The topic is polarizing and saturated with fear: the possible misuse of intimate health data is actually a terrible idea. But instead of clarifying, some media prefer to conjure up the transparent patient.

For example, this was the headline the MDR recently: “Lawyer recommends objection to the electronic patient file” – one would hope the good man never comes to the emergency room. ARD broadcast one at prime time comment, which claims that citizens can no longer decide what happens to their data. Supposedly critical reporting, but perhaps one should also mention what is at stake if doctors are because of the lack digitalization cannot treat their patients properly. In modern German terms, the debate suffers from incorrect framing.

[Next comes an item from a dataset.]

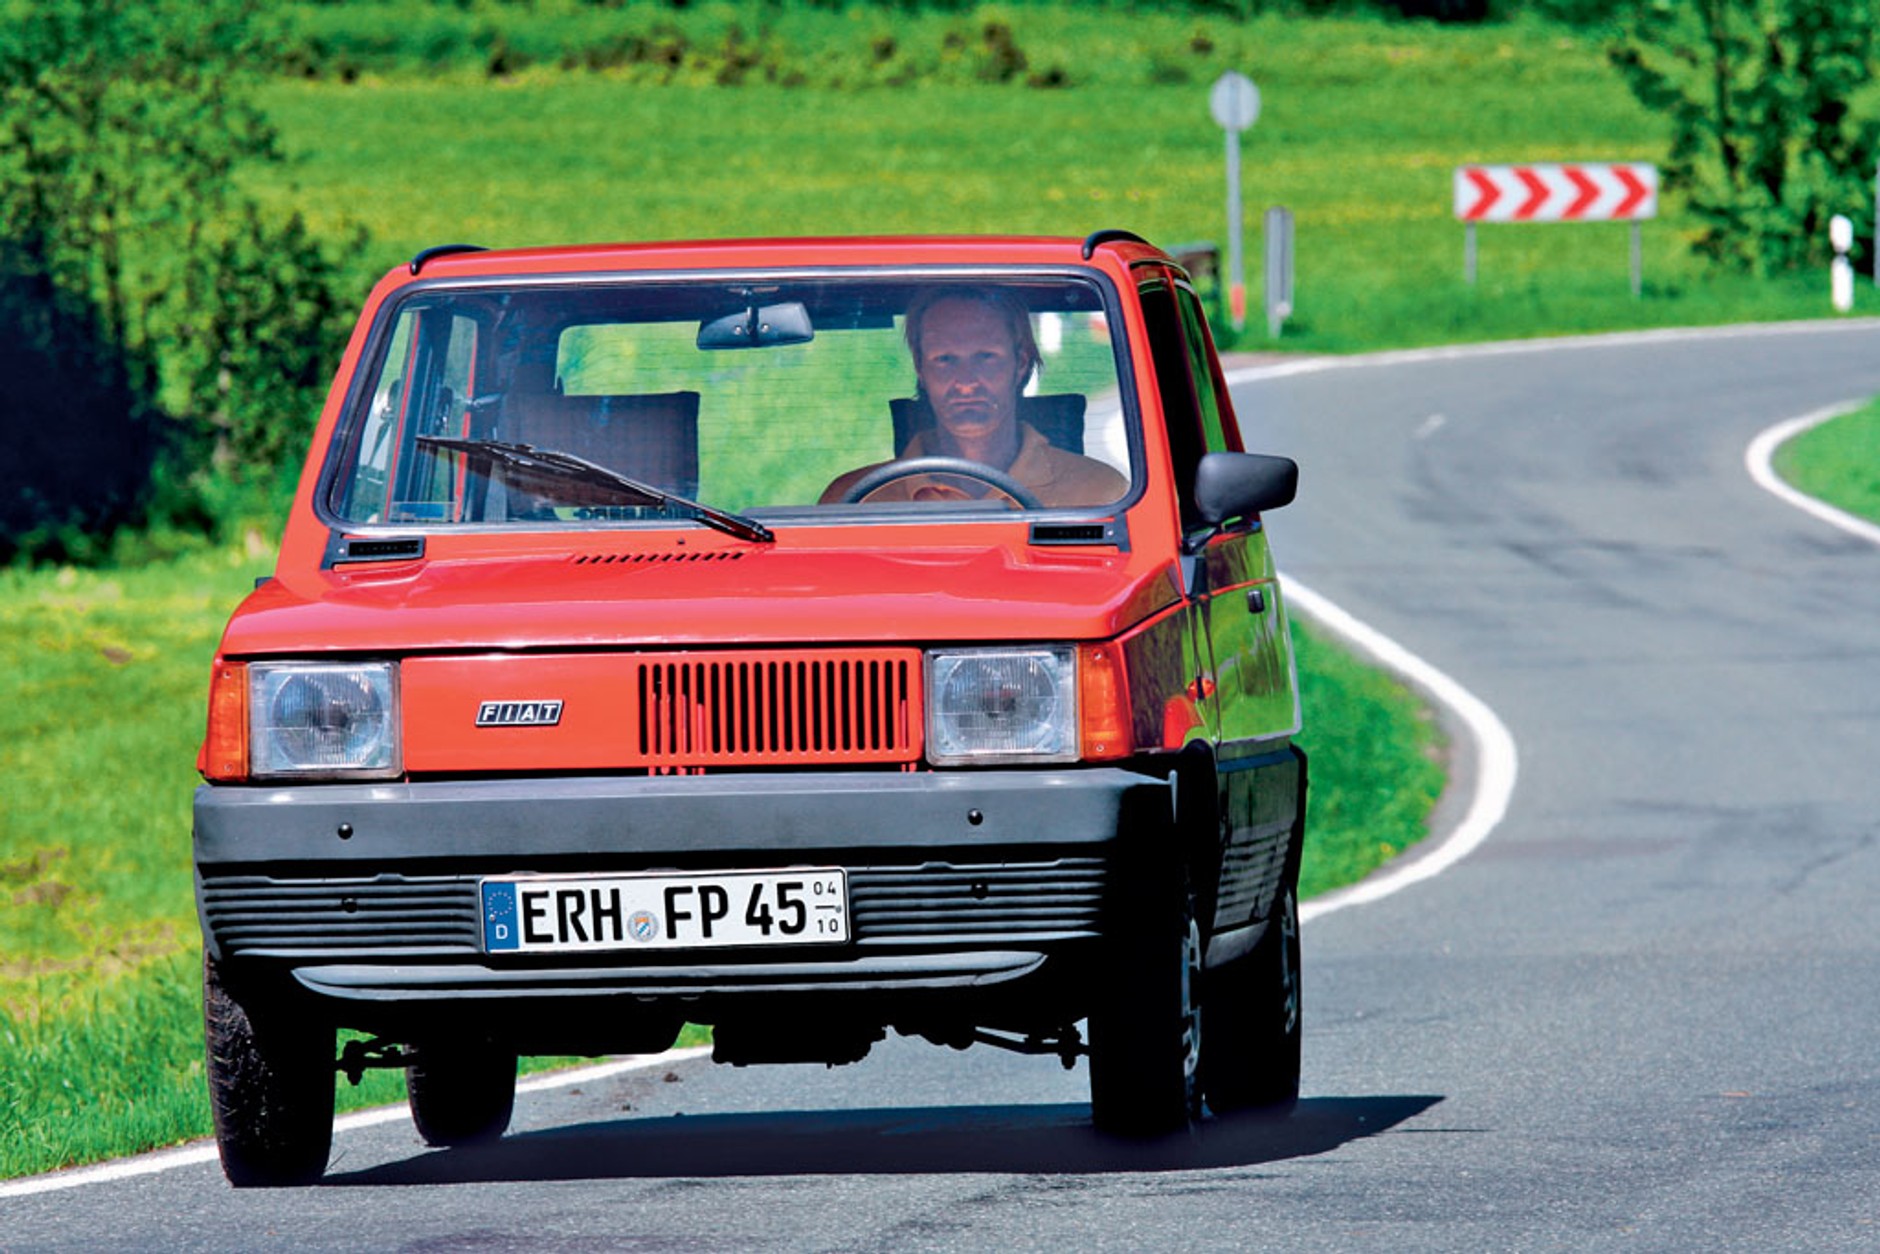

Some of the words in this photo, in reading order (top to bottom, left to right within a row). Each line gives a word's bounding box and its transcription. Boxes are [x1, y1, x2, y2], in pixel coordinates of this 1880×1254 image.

This is what the electronic patient record should look like: From what we know, your data in the EHR is very secure. There is no danger in delay, because if you do not object now, you can have your digital patient file deleted at any time at a later date. As a patient or doctor, you can claim more benefits from the ePA, after all it is financed by all of our health insurance contributions.

We don’t become transparent patients, we become responsible patients.

Significantly, senior data protection experts from the supervisory authorities answer how Peter Schaar and Ulrich Kelber to the question of whether they want to use their electronic patient files, they answered explicitly yes. The often-used image of the transparent patient is also so wrong because, of all things, the ePA gives patients the chance to view and have access to their own health data for the first time. We don’t become transparent patients, we become responsible patients.

So everyone can benefit from the ePA, but one group in particular: women.

Telemedicine applications also come with the ePA. In the future, doctors and patients will also be able to communicate via messenger services. A relief not only for those around six million employees in the health system, 75 percent of whom are female. On the other hand, women also dominate. All the U-examinations with the children, speech therapy and physiotherapy appointments, trips to and discussions with the doctors are organized and accompanied primarily by mothers, daughters, daughters-in-law and granddaughters.

So if the digitalization of our healthcare system means we no longer have to call a doctor’s office ten times for a doctor’s appointment or simply complete an anesthesia consultation via secure video call, then it would not be presumptuous to say that the ePA would do the work of millions of people will make it easier for women. Both paid and unpaid. And when was the last time you could say that about a reform of the federal government?